Nachdem ich eine schmale Straße überquert habe, beginnt der »jardin des abords du Petit Palais«. Ich laufe an einem Denkmal für Winston Churchill vorbei: WE SHALL NEVER SURRENDER.
Ein Mann in einem komplett silbernen Anzug auf einem elektrischen Einrad überholt mich. Der Grand Palais ist eingezäunt, während Touristinnen vor den bunten Skulpturen von Ugo Rondinone am Eingang posieren.
Bevor ich zur Skulptur von Jeff Koons gehe, betrete ich den Petit Palais, der das Musée des Beaux-Arts de la Ville de Paris beherbergt und keinen Eintritt kostet. Ich laufe durch die oberen Hallen des neobarocken Gebäudes, bestaune die prächtigen Deckenmalereien, die ausgestellten Skulpturen und besonders die blauweißen von der Decke im Eingangsbereich herabstürzenden Menschen bzw. Himmelswesen.
Besonders schön ist der grüne, halbrunde, menschenleere Garten im Innenhof.
Ich setze mich an einen der Tische und mache eine kurz Pause, dann verlasse ich den Petit Palais, ohne mir die Ausstellung im Untergeschoss anzuschauen, gehe links an dem Gebäude vorbei zum Park in die Richtung, aus der ich hergekommen bin. Schon von weitem sehe ich das von Jeff Koons gestaltete Kunstwerk: Eine rechte Hand wie bei der Freiheitsstatue in New York, die allerdings keine Fackel, sondern einen Strauß bunter Koons-Tulpen hält, insgesamt elf Stück – die letzte zum Dutzend fehlende repräsentiert die Opfer der Anschläge von Paris im November 2015. Es ist ein strahlend schöner sonniger Tag. Das Kunstwerk liegt etwas versteckt im Park. Vor mir geht eine Familie mit zwei jungen Töchtern.

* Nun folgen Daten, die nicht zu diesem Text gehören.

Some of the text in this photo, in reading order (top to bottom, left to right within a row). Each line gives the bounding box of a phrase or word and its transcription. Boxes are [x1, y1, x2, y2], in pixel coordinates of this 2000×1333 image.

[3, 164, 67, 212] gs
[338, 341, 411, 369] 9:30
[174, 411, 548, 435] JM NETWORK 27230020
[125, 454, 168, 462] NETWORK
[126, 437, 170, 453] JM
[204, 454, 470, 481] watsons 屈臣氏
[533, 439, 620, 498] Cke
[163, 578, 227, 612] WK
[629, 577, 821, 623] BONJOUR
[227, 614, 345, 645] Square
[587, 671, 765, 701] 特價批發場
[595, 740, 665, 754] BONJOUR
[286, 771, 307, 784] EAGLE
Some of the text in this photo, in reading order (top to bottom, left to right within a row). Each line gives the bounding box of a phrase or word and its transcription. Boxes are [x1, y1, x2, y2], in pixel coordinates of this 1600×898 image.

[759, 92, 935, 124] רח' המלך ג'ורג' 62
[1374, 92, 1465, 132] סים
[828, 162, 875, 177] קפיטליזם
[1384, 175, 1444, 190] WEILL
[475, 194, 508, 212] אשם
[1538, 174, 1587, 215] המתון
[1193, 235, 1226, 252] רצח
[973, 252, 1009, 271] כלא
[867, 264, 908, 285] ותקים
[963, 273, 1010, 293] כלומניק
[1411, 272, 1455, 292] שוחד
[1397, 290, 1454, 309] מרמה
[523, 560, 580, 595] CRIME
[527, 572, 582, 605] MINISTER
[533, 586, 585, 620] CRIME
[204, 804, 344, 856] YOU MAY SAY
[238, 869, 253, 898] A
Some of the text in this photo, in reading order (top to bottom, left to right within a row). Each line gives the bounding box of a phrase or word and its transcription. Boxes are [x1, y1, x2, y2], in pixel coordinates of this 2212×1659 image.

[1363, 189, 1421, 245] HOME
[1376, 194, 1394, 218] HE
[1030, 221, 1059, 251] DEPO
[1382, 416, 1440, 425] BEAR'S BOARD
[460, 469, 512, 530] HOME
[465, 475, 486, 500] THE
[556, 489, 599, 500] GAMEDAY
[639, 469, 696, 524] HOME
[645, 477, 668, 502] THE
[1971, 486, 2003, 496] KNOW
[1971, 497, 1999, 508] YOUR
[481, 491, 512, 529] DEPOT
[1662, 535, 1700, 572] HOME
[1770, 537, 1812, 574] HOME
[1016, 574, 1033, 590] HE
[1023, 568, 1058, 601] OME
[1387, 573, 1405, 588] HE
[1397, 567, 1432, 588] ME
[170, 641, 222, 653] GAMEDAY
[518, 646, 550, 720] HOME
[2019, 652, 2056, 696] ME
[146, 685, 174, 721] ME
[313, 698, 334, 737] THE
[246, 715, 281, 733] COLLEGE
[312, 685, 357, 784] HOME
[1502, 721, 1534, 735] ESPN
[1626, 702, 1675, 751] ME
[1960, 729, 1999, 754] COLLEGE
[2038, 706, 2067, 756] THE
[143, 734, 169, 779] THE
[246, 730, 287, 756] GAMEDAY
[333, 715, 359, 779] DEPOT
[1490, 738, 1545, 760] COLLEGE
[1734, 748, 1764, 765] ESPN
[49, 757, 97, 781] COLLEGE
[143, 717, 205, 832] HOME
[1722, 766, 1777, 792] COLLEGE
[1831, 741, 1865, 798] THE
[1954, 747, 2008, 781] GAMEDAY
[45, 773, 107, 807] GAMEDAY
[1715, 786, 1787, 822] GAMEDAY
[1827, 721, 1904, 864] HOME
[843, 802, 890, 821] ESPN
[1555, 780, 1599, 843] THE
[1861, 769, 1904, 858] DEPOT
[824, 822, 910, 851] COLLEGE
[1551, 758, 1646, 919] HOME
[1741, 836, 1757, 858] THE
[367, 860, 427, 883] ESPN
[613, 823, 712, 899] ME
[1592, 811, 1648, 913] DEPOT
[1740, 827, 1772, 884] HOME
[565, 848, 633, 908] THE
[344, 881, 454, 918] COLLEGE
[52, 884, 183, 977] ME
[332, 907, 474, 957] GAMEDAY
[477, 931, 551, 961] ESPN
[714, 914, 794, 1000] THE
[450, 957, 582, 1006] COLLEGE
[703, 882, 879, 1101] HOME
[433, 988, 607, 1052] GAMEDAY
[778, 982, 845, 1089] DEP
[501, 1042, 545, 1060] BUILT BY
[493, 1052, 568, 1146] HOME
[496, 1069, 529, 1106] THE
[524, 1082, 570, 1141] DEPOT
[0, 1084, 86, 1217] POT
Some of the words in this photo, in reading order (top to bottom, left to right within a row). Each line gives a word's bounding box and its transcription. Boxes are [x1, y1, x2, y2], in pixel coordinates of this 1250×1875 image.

Die eine bleibt schon von weitem neben einer Laterne stehen und posiert für ein Foto und streckt die Hand so aus, als ob sie die Blumen in ihrer Hand hält.
Ich gehe den Weg weiter und nähere mich dem Platz mit der elf Meter hohen, von Bäumen und sechs Parkbänken umgebenen Skulptur. Sie befindet sich auf einem Kalksteinsockel, der fast dieselbe Sandfarbe hat wie der Kies auf dem Gehweg. Es ist ein schönes Mahnmal.
Die Hand ist sehr fein und realistisch gearbeitet, die Fingernägel sind perfekt manikürt, sogar ein kleiner Leberfleck ist auf dem Unterarm zu erkennen.
Im Kontrast zum Realismus der Hand sind die bonbonfarbenen Tulpen in für Jeff Koons typischer Weise makellos stilisiert. Mir gefällt die Skulptur, weil sie sich schön und unaufdringlich in den Park einfügt.
Das Mahnmal wird nicht bewacht, es ist auch nicht beschmiert, allerdings erkennt man auf dem Sockel noch Reste von Schriftzügen und Schmierereien – wahrscheinlich muss der Sockel in regelmäßigen Abständen gereinigt werden.
Auf der Vorderseite gibt es eine Tafel mit dem Namen des Kunstwerks.
Auf der Rückseite zwei Tafeln mit Danksagungen, den Namen der Spender und Informationen zur Einweihung am 4. Oktober 2019.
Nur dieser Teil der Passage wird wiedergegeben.